Ecco, quello che sorprende, in questo 2024 ormai senza Gaber e senza Berlusconi, non è tanto Sanremo in sé, ma Sanremo in me. Che in fondo Sanremo in sé sono un po’ di serate televisive – e chi la guarda più, la tv? –, qualche trascurabile polemica su ospiti e cantanti e un po’ di canzoni che gli algoritmi ormai assuefatti a Mahler e Battiato ignorano dalle playlist come un vegano ignora le costine di maiale dal menù. Sanremo in me, invece, è quell’evento che ti circonda, ti avvolge e ti entra nell’anima senza che tu te ne renda davvero conto. Perché diciamocelo, la vera Opera d’arte totale di cui si vaneggiava nell’Ottocento, quella che realizza la sintesi perfetta di tutte le dimensioni spirituali dell’essere umano, è Sanremo. C’è la musica, c’è il teatro, la poesia, l’arte, c’è l’epica della lotta per la sopravvivenza, ci sono le figure archetipiche del mito – l’eroe, il saggio, il ribelle, il mago eccetera –, ci sono la nostalgia per il passato e la speranza per il futuro, la razionalità e l’emozione, la tradizione e l’innovazione.

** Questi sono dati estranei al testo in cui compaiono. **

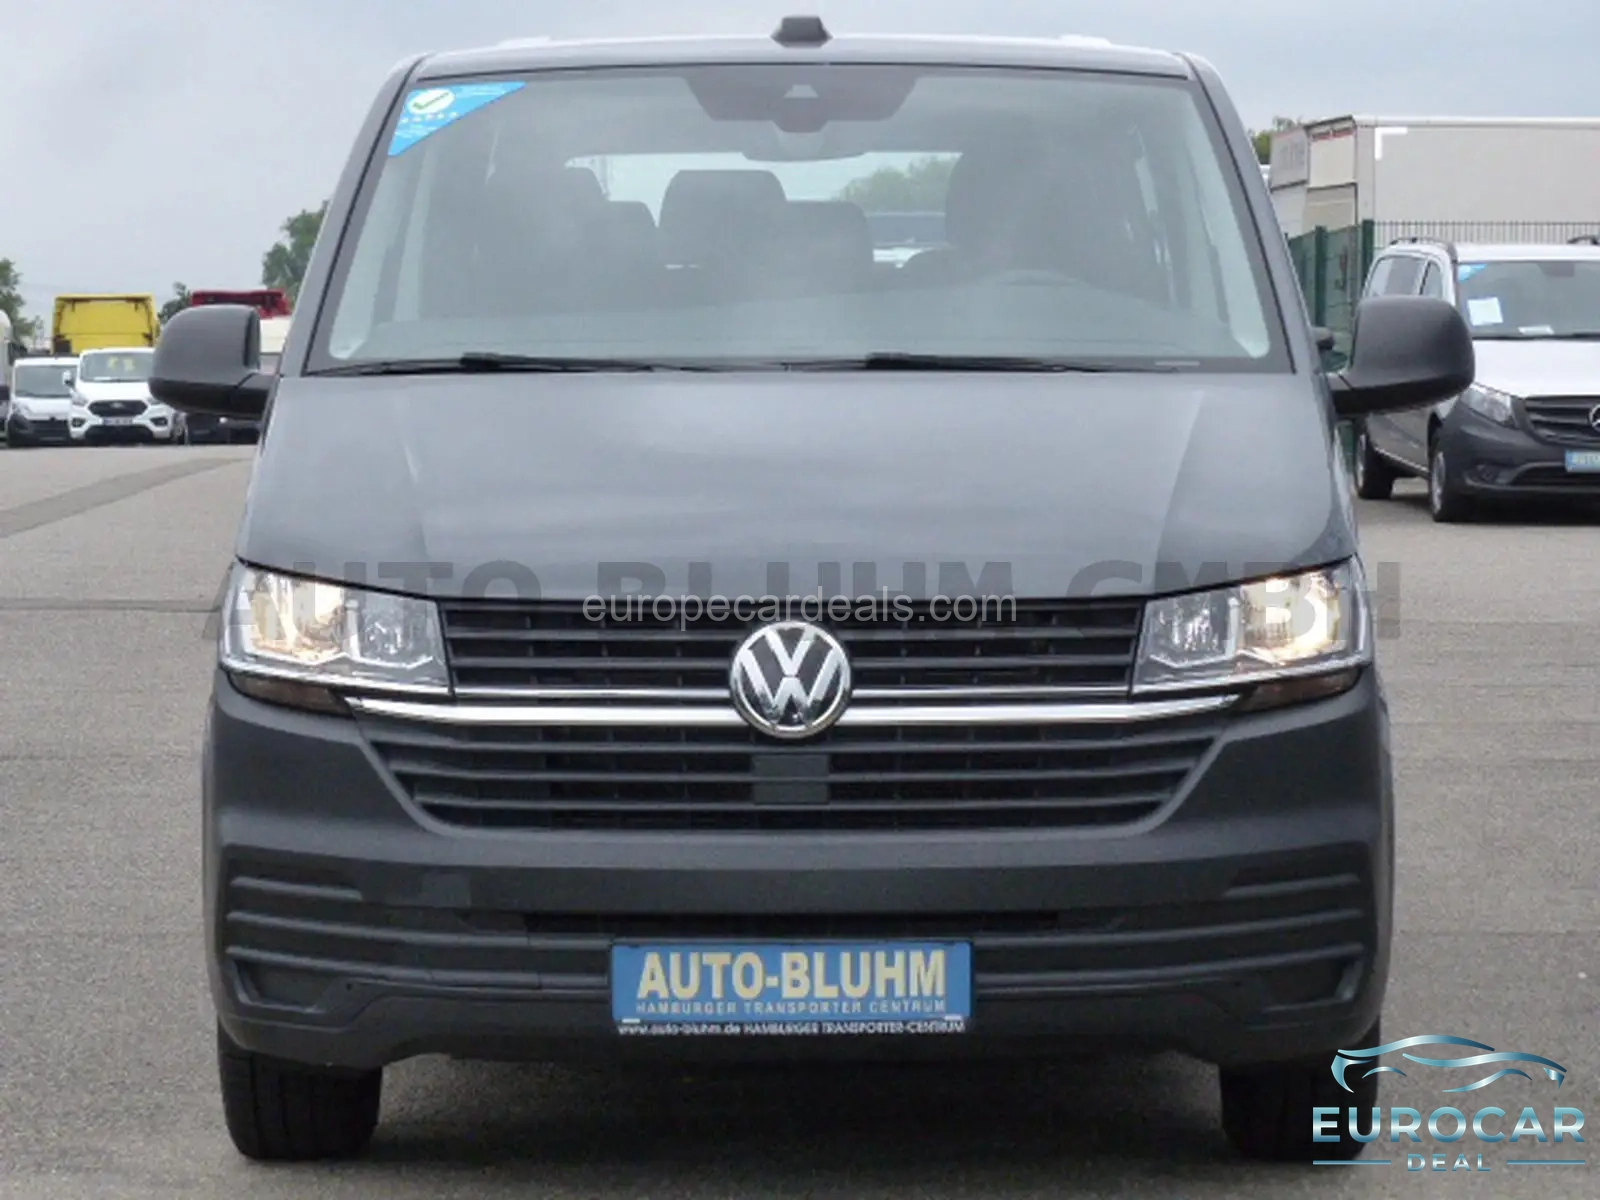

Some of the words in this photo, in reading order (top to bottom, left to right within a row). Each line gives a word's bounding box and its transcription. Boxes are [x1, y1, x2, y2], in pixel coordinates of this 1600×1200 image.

È abbastanza facile ignorare Sanremo in sé, grazie anche alla frammentazione di un’offerta mediatica digitale sempre più personalizzata. Ma non puoi fuggire a Sanremo in te. Intanto perché salta fuori quando meno te l’aspetti: mi è capitato di sentire citare una canzone di Sanremo a un convegno di chimica industriale – e tutti hanno capito a quale brano ci si riferiva. Ma soprattutto perché alla fine Sanremo racconta l’esistenza umana forse non con la profondità di un saggio filosofico o di un romanzo da premio letterario, ma con la forza dell’unico evento nazionalpopolare rimasto.